A south suburban police sergeant and a patrol officer under his command are facing federal charges alleging they robbed motorists of cash and drugs during traffic stops and extorted people in exchange for declining to press charges or tow their vehicles.
Jarrett Snowden, 34, of Lansing, and Antoine “Bell” Larry, 46, of Bolingbrook, both officers for the small village of Phoenix, were charged in a four-count indictment made public Tuesday with bribery conspiracy, extortion, and attempted extortion.
An arraignment date had not been set in the case of Tuesday. Larry’s attorney, Garry Payton, said he had not seen the indictment as of Monday morning and had no comment. Snowden’s attorney could not be reached.
According to the 10-page indictment, Snowden and Larry “agreed to use their official powers and positions as police officers” to rob and extort people they pulled over in Phoenix and the neighboring suburb of Harvey, about 19 miles south of downtown Chicago.
The officers stole firearms, drugs and cash from targeted vehicles and their occupants, and also solicited cash payments in exchange for “reducing, dropping or declining to press charges” against the occupants, as well as allowing them to keep their vehicles instead of having them towed, the indictment stated.
In some instances, Larry and Snowden arranged for the victims to meet them at a nearby gas station with bribe payments, the indictment alleged.
To conceal the conspiracy, the officers at times used a “bagman” to collect the payments, and also had an agreement to sell the narcotics they’d stolen to a drug dealer and split any proceeds from the eventual street sales 50/50, the indictment alleged.
In all, the indictment lists seven separate acts of extortion or bribery between October 2020 and December 2021.
Messages left for the mayor and police chief in Phoenix were not immediately returned Tuesday.
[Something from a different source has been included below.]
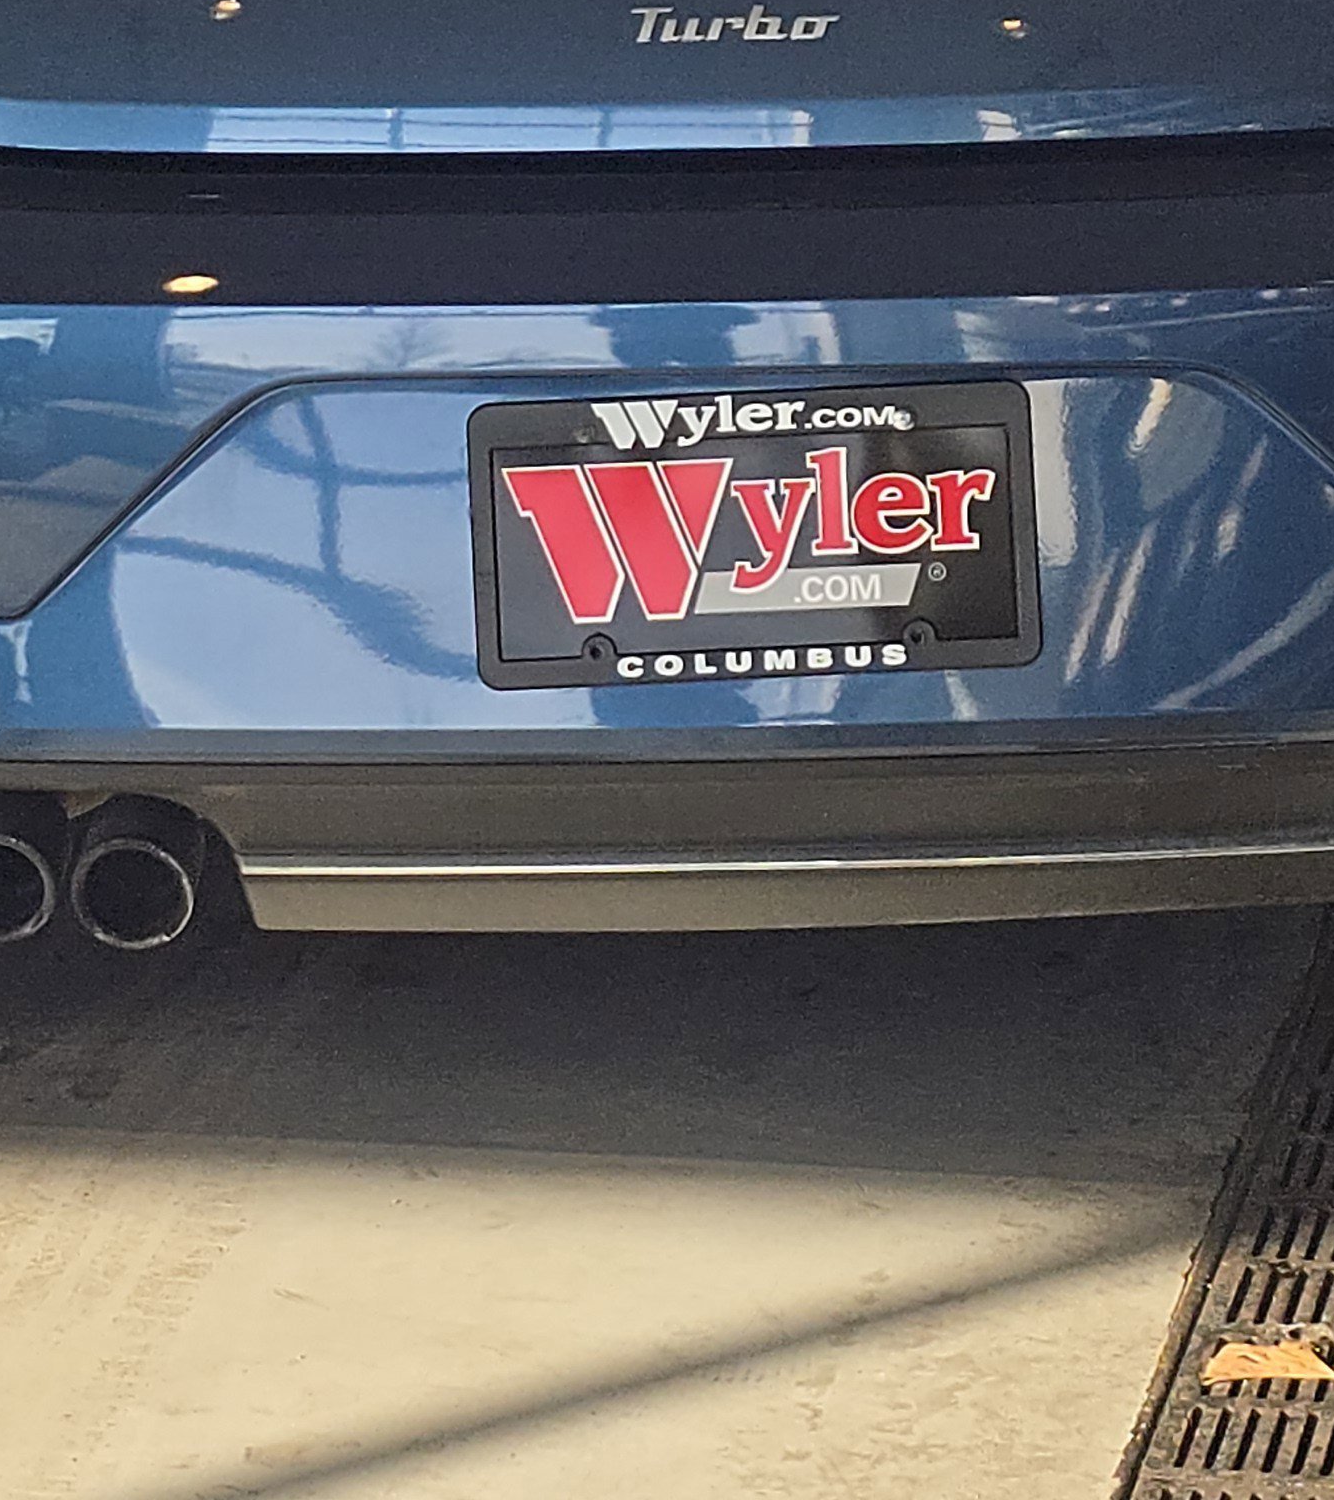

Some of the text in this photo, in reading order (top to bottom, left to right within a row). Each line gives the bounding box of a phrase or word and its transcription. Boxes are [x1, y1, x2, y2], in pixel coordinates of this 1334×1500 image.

Phoenix and Harvey have long been hotbeds for corruption, with numerous police officers and politicians indicted over the years on charges ranging from extortion to murder.
The sensational 1979 murder of then-Phoenix Mayor William Hawkins was allegedly carried our by members of his own police department who were angry he wasn’t sharing siphoned-off government funds with them like he promised. A police lieutenant was convicted and sentenced to life in prison, while another officer was acquitted at trial.
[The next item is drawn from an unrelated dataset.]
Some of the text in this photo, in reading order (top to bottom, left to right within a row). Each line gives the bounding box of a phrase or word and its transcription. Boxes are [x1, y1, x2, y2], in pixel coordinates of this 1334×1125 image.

In 2019, the U.S. attorney’s office announced an array of corruption charges against people close to then-Harvey Mayor Eric Kellogg, including Kellogg’s brother, Derrick Muhammad, a Harvey police officer, accused of falsifying a police report to protect two convicted felons from possibly facing weapons charges.
Muhammad pleaded guilty and was sentenced in 2020 to nine months in prison.